The following ideas are good candidates for later promotion:

  • formal dashboard metric taxonomy: signal vs system vs outcome metrics
  • route-level dashboard requirement for a secondary customer-signals region
  • future aggregate API payload groups for dashboard metrics
  • workflow and analytics instrumentation requirements to make these metrics real

This section records the current decision about what should graduate into future platform requirements versus what should remain exploratory for now.

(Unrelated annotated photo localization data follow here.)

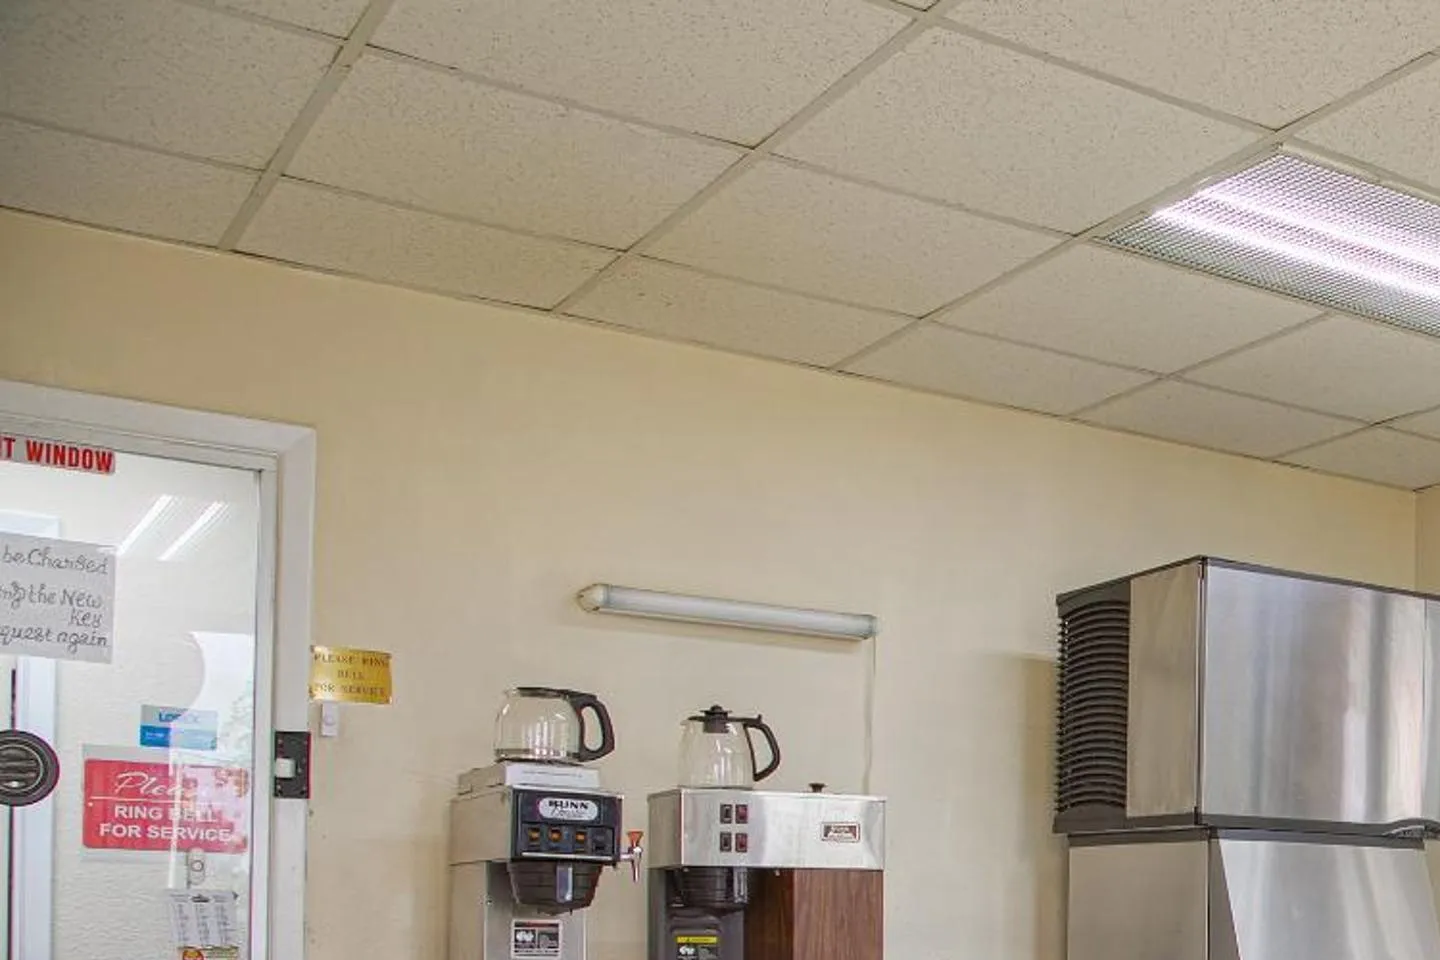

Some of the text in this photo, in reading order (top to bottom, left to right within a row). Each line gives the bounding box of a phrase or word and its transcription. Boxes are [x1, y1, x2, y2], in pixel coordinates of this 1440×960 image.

[25, 439, 113, 473] WINDOW
[28, 583, 57, 605] the
[60, 588, 102, 609] New
[68, 608, 103, 629] Key
[56, 629, 108, 654] again
[114, 804, 163, 821] RING
[547, 799, 589, 810] BUNN
[98, 822, 233, 843] FOR SERVICE

These are strong enough to guide future implementation planning:

  • the dashboard should keep the distinction between:
    • readiness metrics
    • customer-signal metrics
    • outcome metrics
  • the dashboard may include a future customer-signals layer, but it must remain secondary to operational readiness and next-action surfaces
  • the future dashboard aggregate should support at least:
    • signal summary
    • system/triage summary
    • outcome summary
    • top friction themes
    • KB gap signals
  • instrumentation must eventually support:
    • dissatisfaction detected
    • escalation triggered
    • KB gap detected
    • response sent / auto-handled / human-assisted
    • outcome resolved / recovered / reopened

These are promising, but still need more product validation before becoming requirements:

  • exact top-card KPI set for the customer-signals strip
  • the final naming of concepts like resolved, recovered, or human saves
  • whether trend mini-charts belong on the dashboard or a drill-in page
  • whether praise/success signals deserve primary placement or secondary placement
  • how much of this belongs on Dashboard versus a dedicated quality / analytics view

Defer until stronger data and policy contracts exist

Section titled “Defer until stronger data and policy contracts exist”

These should not become dashboard requirements yet:

  • false-positive vs false-negative triage quality scoring
  • sentiment-lift or recovery formulas that depend on historical attribution logic
  • brand or revenue impact claims
  • cross-channel benchmarking between business units without governance and normalization rules
  • ROI metrics such as time saved or churn value recovered

Make the following canonical and implementation-ready:

  • metric taxonomy
  • minimum dashboard payload groups
  • minimum enabling analytics events
  • explicit route-level support for a future customer-signals layer

Implement real signal and system metrics first:

  • dissatisfaction detected
  • high-risk escalations
  • KB gaps affecting replies
  • response handling split: auto vs assisted vs escalated
  • top friction themes

Add outcome metrics only when the underlying attribution model is trustworthy:

  • resolved / recovered
  • sentiment improvement
  • review recovery
  • reopened issue rate
  • successful human handoff
  • Do not add decorative graphs without a clear operator job.
  • Do not mix fake outcome numbers into real setup metrics without explicit labeling.
  • Do not let the dashboard drift into a generic analytics page.
  • Keep the dashboard focused on operational clarity, prioritization, and next action.